2.4.3    Proyeksi Radiografi
Pemeriksaan HSG dengan fluoroskopi menggunakan plain foto, proyeksi anteroposterior sambil mengikuti jalannya media kontras dan proyeksi tambahan. Proyeksi tambahan adalah oblique, axial maupun lateral, sesuai kebutuhan radiolog saat mengamati obyek dengan fluoroskopi. Serta foto post pemeriksaan (Masrochah.Siti,dkk 2018).
a.    Plain Foto
      Digunakan untuk mengetahui persiapan pasien, yakni dengan tidak adanya obyek yang mengganggu (feses) di sekitar area pemeriksaan, benda asing seperti IUD, melatih pasien untuk ekspirasi dan tahan nafas saat dilakukan ekspose serta menentukan faktor eksposi yang tepat.

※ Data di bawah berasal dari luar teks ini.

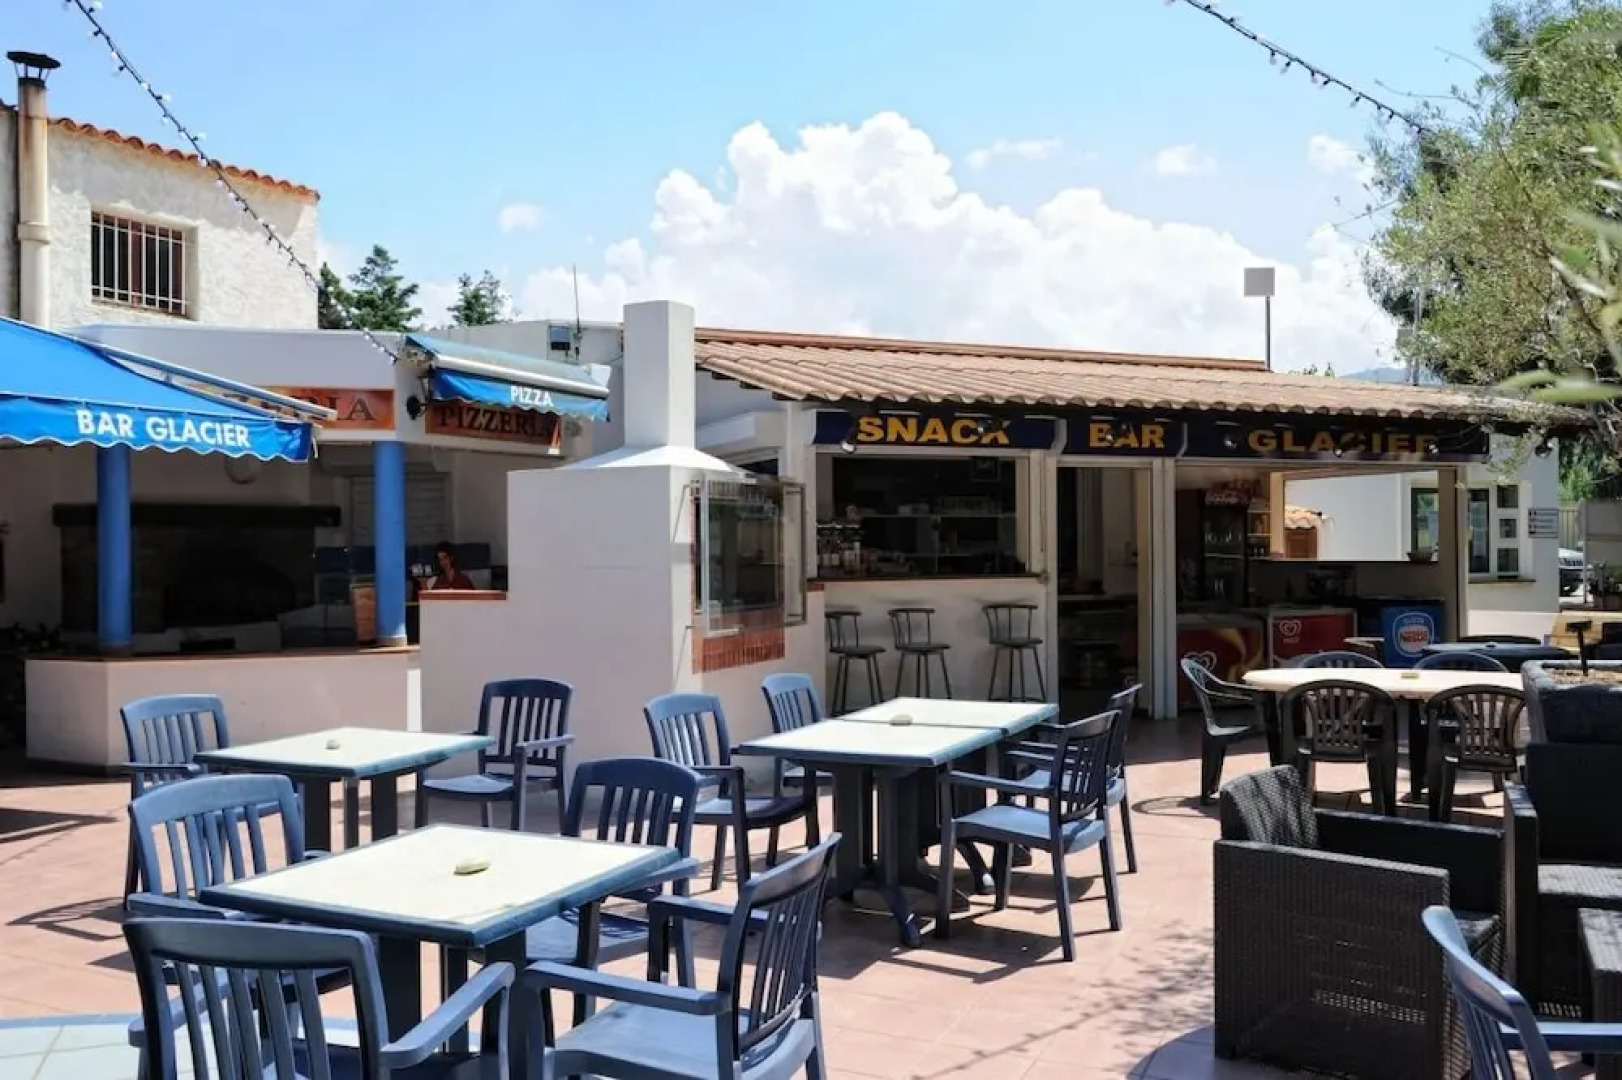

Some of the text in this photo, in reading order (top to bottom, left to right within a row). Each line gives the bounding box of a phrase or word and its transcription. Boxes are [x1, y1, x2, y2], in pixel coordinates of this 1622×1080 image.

1.    Posisi pasien     : posisi lithotomi di atas meja        
                        pemeriksaan
2.    Posisi obyek     : cavum pelvis tercover dalam film, batas
                        atas SIAS, batas bawah simphisis pubis
Gambar 2.7 Posisi litotomi (Ballinger, 2013)
3.    Arah sinar         : vertikal tegak lurus kaset
4.    Pusat sinar        : 2 inchi proximal simphisis pubis
5.    FFD                 : 100 cm
6.    Ukuran kaset    : 18 x 24 cm2
7.    Faktor eksposi  : menggunakan kV tinggi dan waktu eksposi yang singkat.
8.    Pasien ekspirasi dan tahan nafas saat dilakukan ekspose. 



Gambar 2.8 Plain foto HSG
b.    Proyeksi Anteroposterior
1.    Posisi pasien   : posisi lithotomi di atas meja pemeriksaan
2.    Posisi obyek    : cavum pelvis tercover dalam film
3.    Arah sinar        : vertikal tegak lurus kaset
4.    Pusat sinar      : 2 inchi proximal simphisis pubis
5.    FFD                 : 100 cm
6.    Ukuran kaset  : 18X24 cm2
7.    Faktor eksposi            : menggunakan kV tinggi dan waktu  eksposi yang singkat. Pasien ekspirasi dan tahan nafas saat dilakukan ekspose.
Gambar 2.9 Proyeksi AP HSG (Ballinger, 2013)

c.    Proyeksi Tambahan
      Menggunakan fluoroskopi memberikan kemudahan saat mengamati jalannya media kontras. Termasuk dengan proyeksi tambahan yang digunakan untuk mengamati struktur anatomi maupun kelainan pada uterus dan tuba fallopi. Proyeksi tambahan yang biasa digunakan adalah oblique kanan-kiri.
1.    Proyeksi oblique kanan
Digunakan untuk melihat tuba fallopi sebelah kanan. Pasien diposisikan agak miring ke arah kanan, sehingga sisi kanan belakang dekat dengan kaset. Gambaran tuba fallopi sebelah kanan akan tampak lebih jelas.
2.    Proyeksi oblique kiri
Digunakan untuk melihat tuba fallopi sebelah kiri. Pasien diposisikan agak miring ke arah kiri, sehingga sisi kiri belakang dekat dengan kaset. Gambaran tuba fallopi sebelah kiri akan tampak lebih jelas.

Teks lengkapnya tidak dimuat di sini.